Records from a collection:

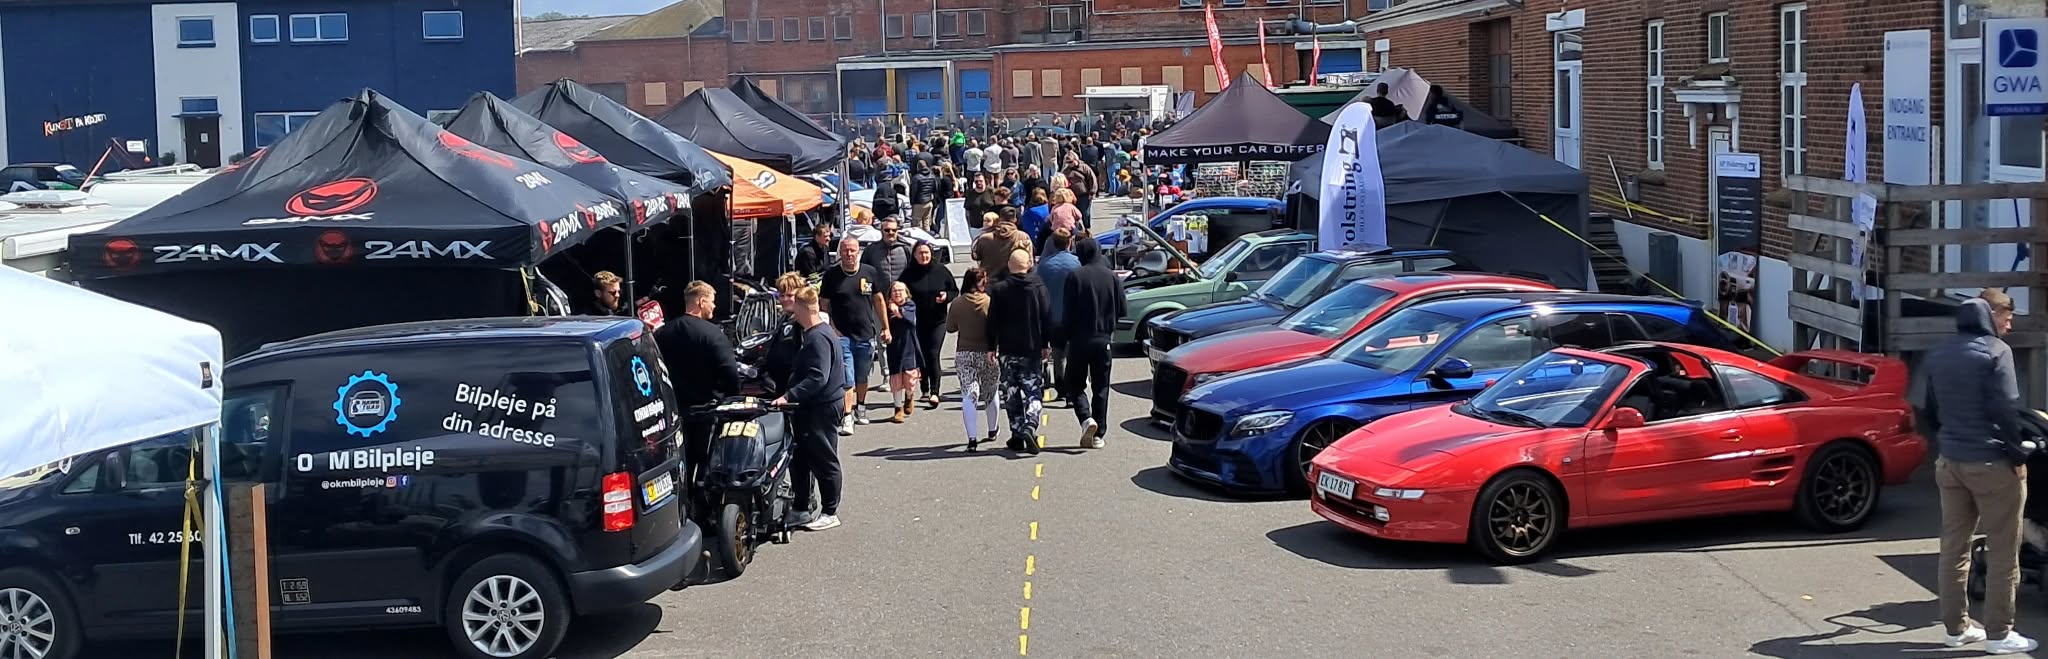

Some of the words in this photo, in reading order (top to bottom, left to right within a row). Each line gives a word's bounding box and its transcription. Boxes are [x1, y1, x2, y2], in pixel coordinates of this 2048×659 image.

[1993, 75, 2042, 93] GWA
[1888, 98, 1925, 114] INDGANG
[1887, 125, 1927, 142] ENTRANCE
[1147, 147, 1189, 158] MAKE
[1193, 146, 1233, 156] YOUR
[1238, 143, 1267, 154] CAR
[1341, 160, 1362, 247] olstring
[552, 210, 583, 245] 24MX
[152, 242, 285, 264] 24MX
[364, 239, 496, 260] 24MX
[455, 383, 527, 416] Bilpleje
[531, 397, 557, 421] på
[442, 411, 473, 434] din
[478, 419, 556, 447] adresse
[321, 478, 385, 490] @okmbilpleje
[1321, 474, 1330, 488] EK
[1338, 481, 1350, 495] 871
[128, 532, 146, 545] Tlf.
[148, 531, 165, 544] 42
[167, 530, 184, 543] 25

Problem
With the pictures removed, the entries above should be transcribed exactly.

Written answer
Some of the words in this photo, in reading order (top to bottom, left to right within a row). Each line gives a word's bounding box and its transcription. Boxes are [x1, y1, x2, y2], in pixel coordinates of this 2048×659 image.

[1993, 75, 2042, 93] GWA
[1888, 98, 1925, 114] INDGANG
[1887, 125, 1927, 142] ENTRANCE
[1147, 147, 1189, 158] MAKE
[1193, 146, 1233, 156] YOUR
[1238, 143, 1267, 154] CAR
[1341, 160, 1362, 247] olstring
[552, 210, 583, 245] 24MX
[152, 242, 285, 264] 24MX
[364, 239, 496, 260] 24MX
[455, 383, 527, 416] Bilpleje
[531, 397, 557, 421] på
[442, 411, 473, 434] din
[478, 419, 556, 447] adresse
[321, 478, 385, 490] @okmbilpleje
[1321, 474, 1330, 488] EK
[1338, 481, 1350, 495] 871
[128, 532, 146, 545] Tlf.
[148, 531, 165, 544] 42
[167, 530, 184, 543] 25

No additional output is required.